Task statement:
When you reproduce these records, keep every word exactly and drop the images.

Dataset:
*** Begin section ***
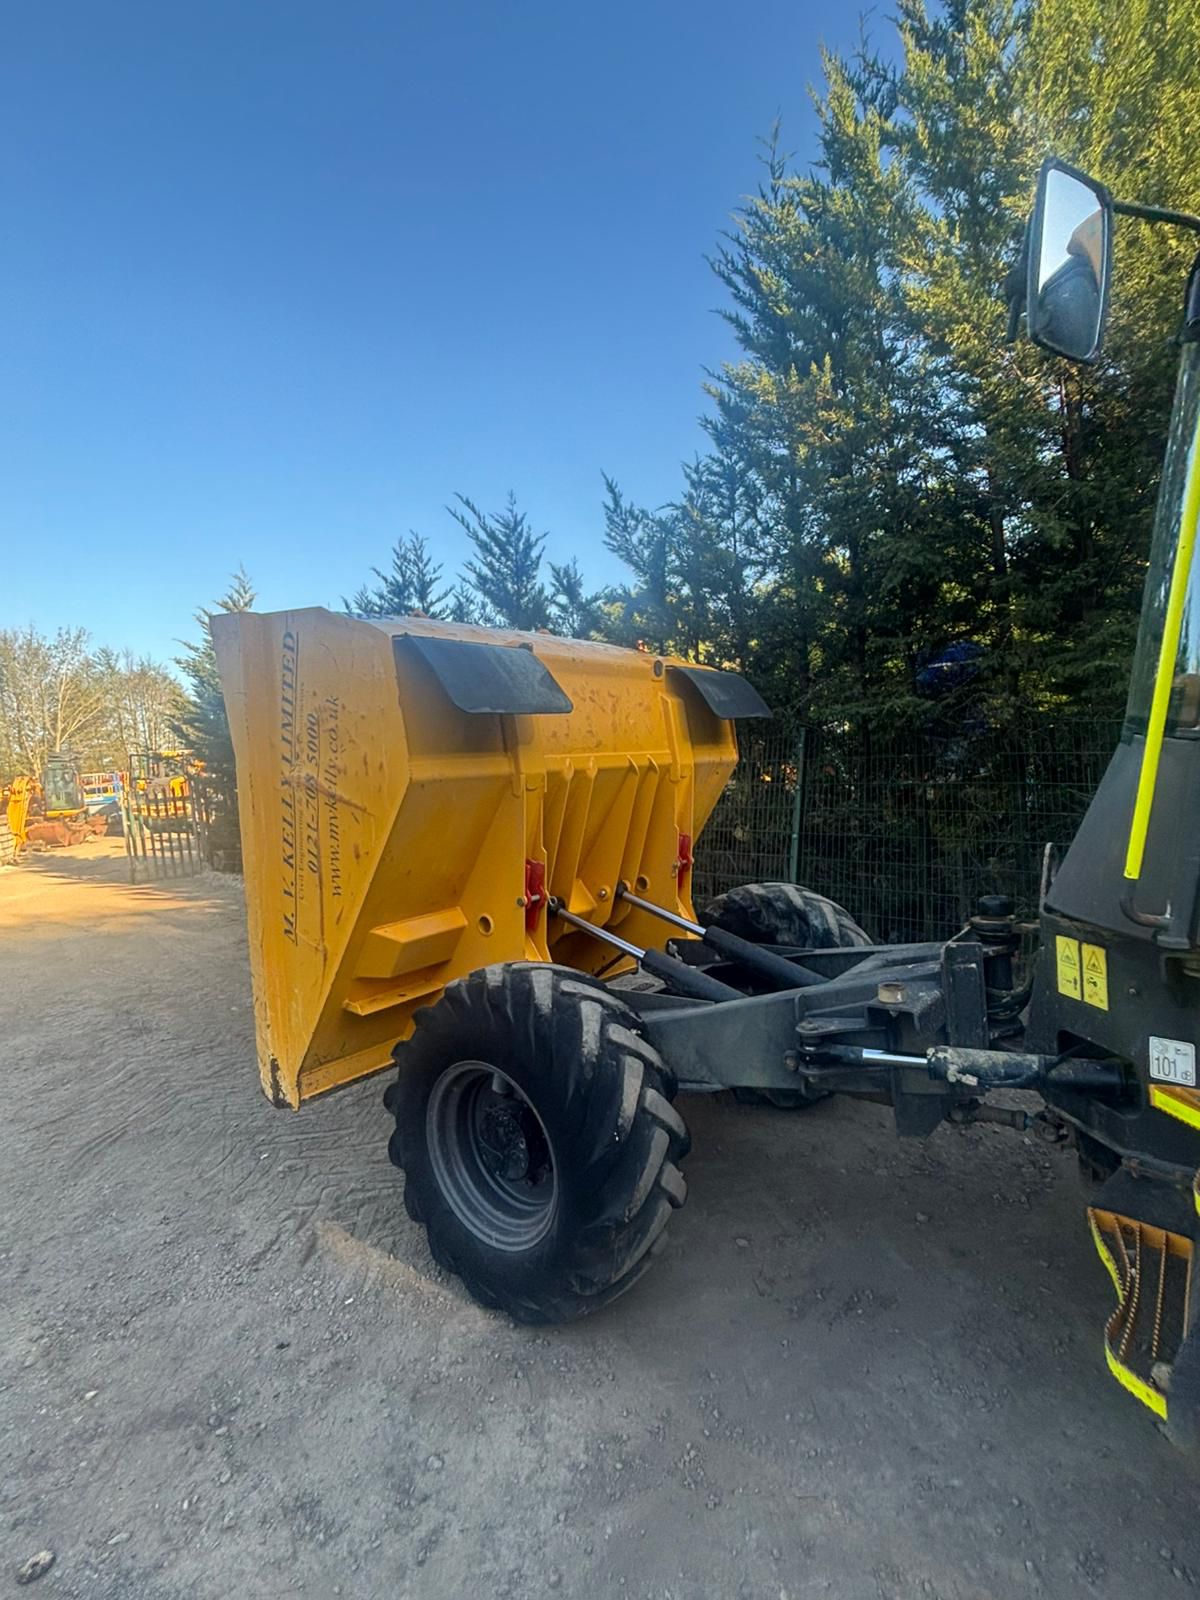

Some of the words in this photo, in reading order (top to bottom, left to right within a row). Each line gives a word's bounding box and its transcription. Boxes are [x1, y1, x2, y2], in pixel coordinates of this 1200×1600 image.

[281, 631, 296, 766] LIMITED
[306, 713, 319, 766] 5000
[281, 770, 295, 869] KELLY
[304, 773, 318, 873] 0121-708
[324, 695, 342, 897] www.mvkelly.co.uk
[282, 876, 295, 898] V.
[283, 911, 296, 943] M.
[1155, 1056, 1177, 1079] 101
*** End section ***
Answer box:
Some of the words in this photo, in reading order (top to bottom, left to right within a row). Each line gives a word's bounding box and its transcription. Boxes are [x1, y1, x2, y2], in pixel coordinates of this 1200×1600 image.

[281, 631, 296, 766] LIMITED
[306, 713, 319, 766] 5000
[281, 770, 295, 869] KELLY
[304, 773, 318, 873] 0121-708
[324, 695, 342, 897] www.mvkelly.co.uk
[282, 876, 295, 898] V.
[283, 911, 296, 943] M.
[1155, 1056, 1177, 1079] 101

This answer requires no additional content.